One thing I just learned from Kenn is that working on leather clothing is totally different than burning on Latigo leather which is what is used on boots, key fobs, bookmarkers, etc. When burning on clothing the burner can only remain on the leather for a split second or it will burn right through. That alone is just amazing to think of just how quickly you can ruin a beautiful leather jacket. Certainly not something I want to try!
Kenn has done a lot of commissioned pieces over the last 35 years which have helped him hone his skills as a pyrographic artist & he finally decided it was time to get a better burner.
As Kenn nears retirement from the utility company he's worked at for 31 years he has become very excited about the prospect of taking his work to a new level. Kenn decided to move up to a new Razertip burner & he is already finding that he can do a lot more with a variable temperature burner that he couldn't do with a single temperature burner. I'm excited to see how his work evolves as he gains confidence with his new tools.
Kenn assures me that after he gets used to using the Razertip & has done some work with it he will send me some photos of his latest endeavors with his new burner & tell me about his experience with the burner, the tips he has used & any other input regarding the impact it has had on his work.
5/11/15 - About one month after Kenn received his new Razertip burner I received an email from Kenn with photos of his newest burn. This is what he said:
Here is the first art piece that I burnt with the new Razertip. It will be used on my upcoming commissioned piece.
Garment leather should not have prelims drawn on the leather.

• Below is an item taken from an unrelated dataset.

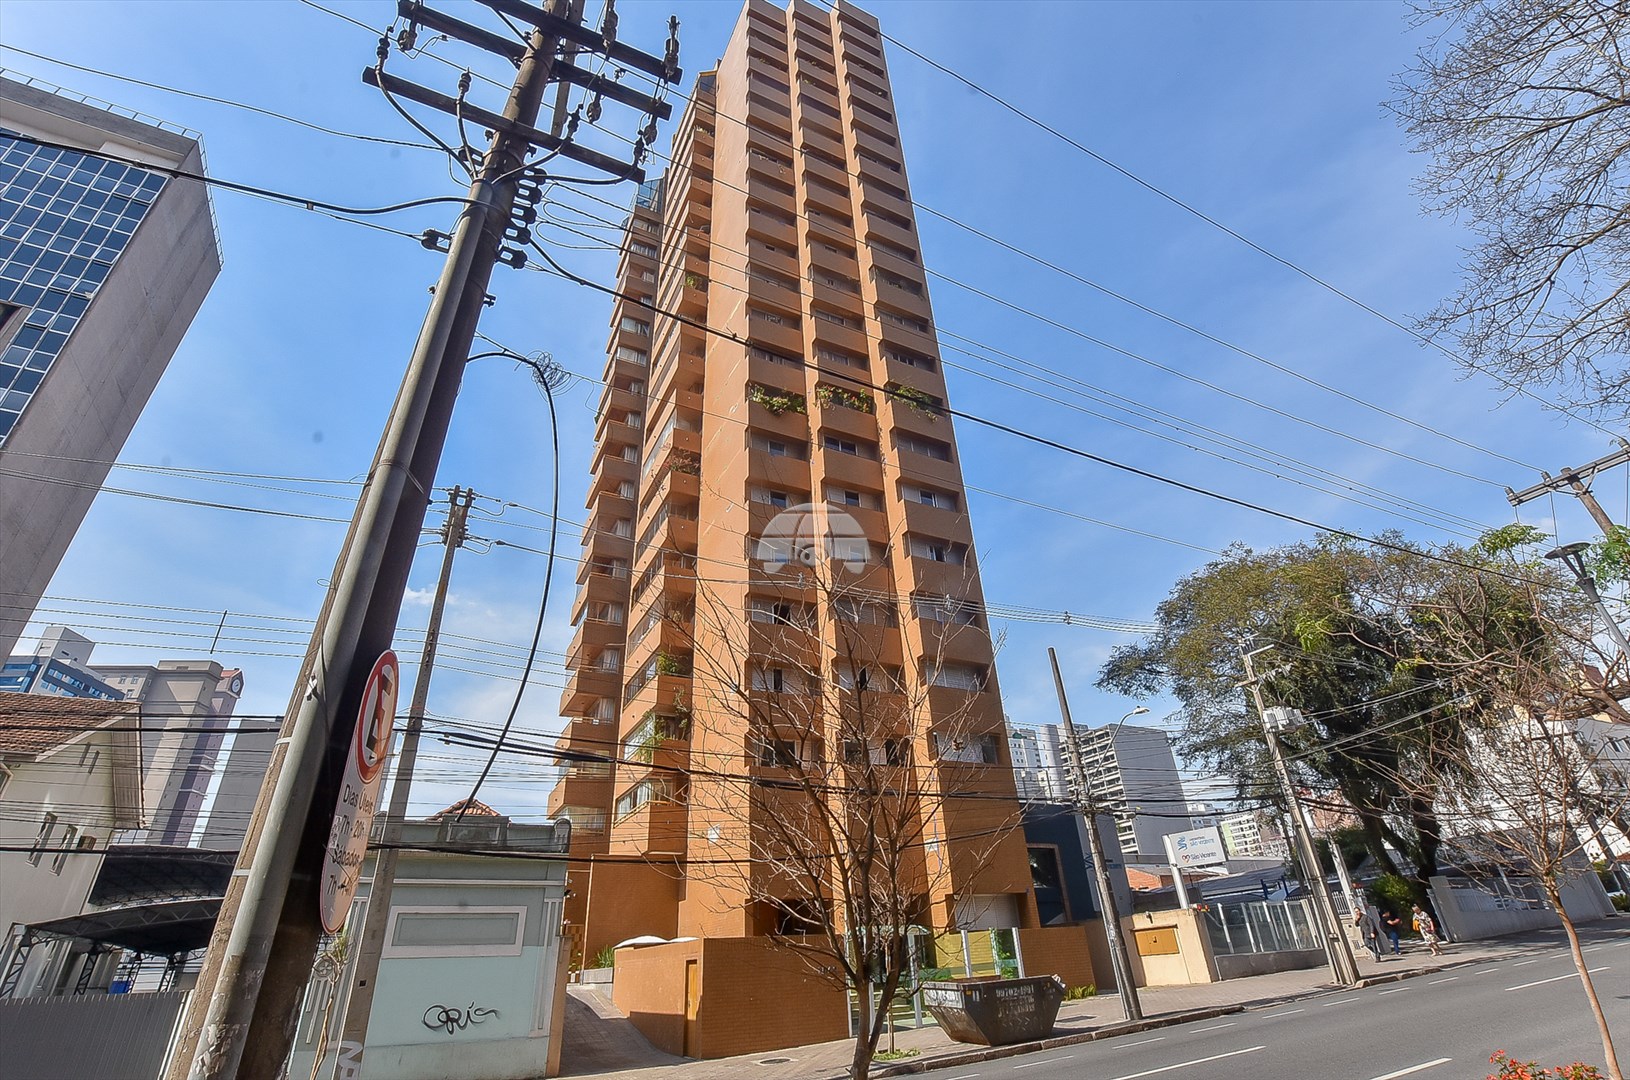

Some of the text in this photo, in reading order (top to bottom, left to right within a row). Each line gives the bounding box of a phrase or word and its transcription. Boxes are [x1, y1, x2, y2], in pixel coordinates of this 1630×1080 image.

I will draw on paper 1st then I do the actual burning based on the drawing.
Temperature setting at 3 or 4 depends upon the leather thickness. So far of the three burning tips the ball tip (F99008) and I are bonding. Right out the gate it performed flawlessly on this type of leather. The medium spear shader (HD5MP) and small medium knife (KN14SM) will take more practice. I really haven't figured these out yet for the way I illustrate.
The new project will take some time to complete as it is similar to the Chinese Dragon jacket in the amount of work"...Kenn Fung
What is amazing is that this his first burn using his new Razertip burner & he's already discovered how to create more contrast between the leather & the burn.
If you are interested in contacting Kenn about his work you can reach him at firstname.lastname@example.org
Mark Young from Louisiana
Mark recently ordered a Razertip burner from me & obviously was very excited to get started burning because 2 weeks after he received his new burner he sent photos of his first masterpiece. I must say I was impressed with what he did. This is the message he sent me:
I wanted to show you what I did on that machine I just bought from you just last week. I cannot say how much I love it. Enclosed you will find a few pictures of what I did.
The wood is white oak. It was a leftover scrap from a mantle. I sanded it with 80 grit then 220, 320, 400, 800 and 1000. Since oak is rough even at 1,000 grit smoothness the pen shaders, knife and writer burned smoothly with only a few snags.
I used Prismacolor coloring pencils to color in the sea turtle, ocean and rocks. I used a paper towel to rub the pigment into the wood grain. I think it turned out okay
Once again thank you for this wonderful woodburning tool.
Mark Thomas Young Sr., USN Ret."
I really like the way Mark ran the design around the edges of the wood. It makes it look like it was made on a stretched canvas. And yes Mark, I think it turned out very okay!
NOTICE: All artwork on this page are owned by the artist. They may not be copied, reproduced, altered or distributed in any way without written permission from the artist.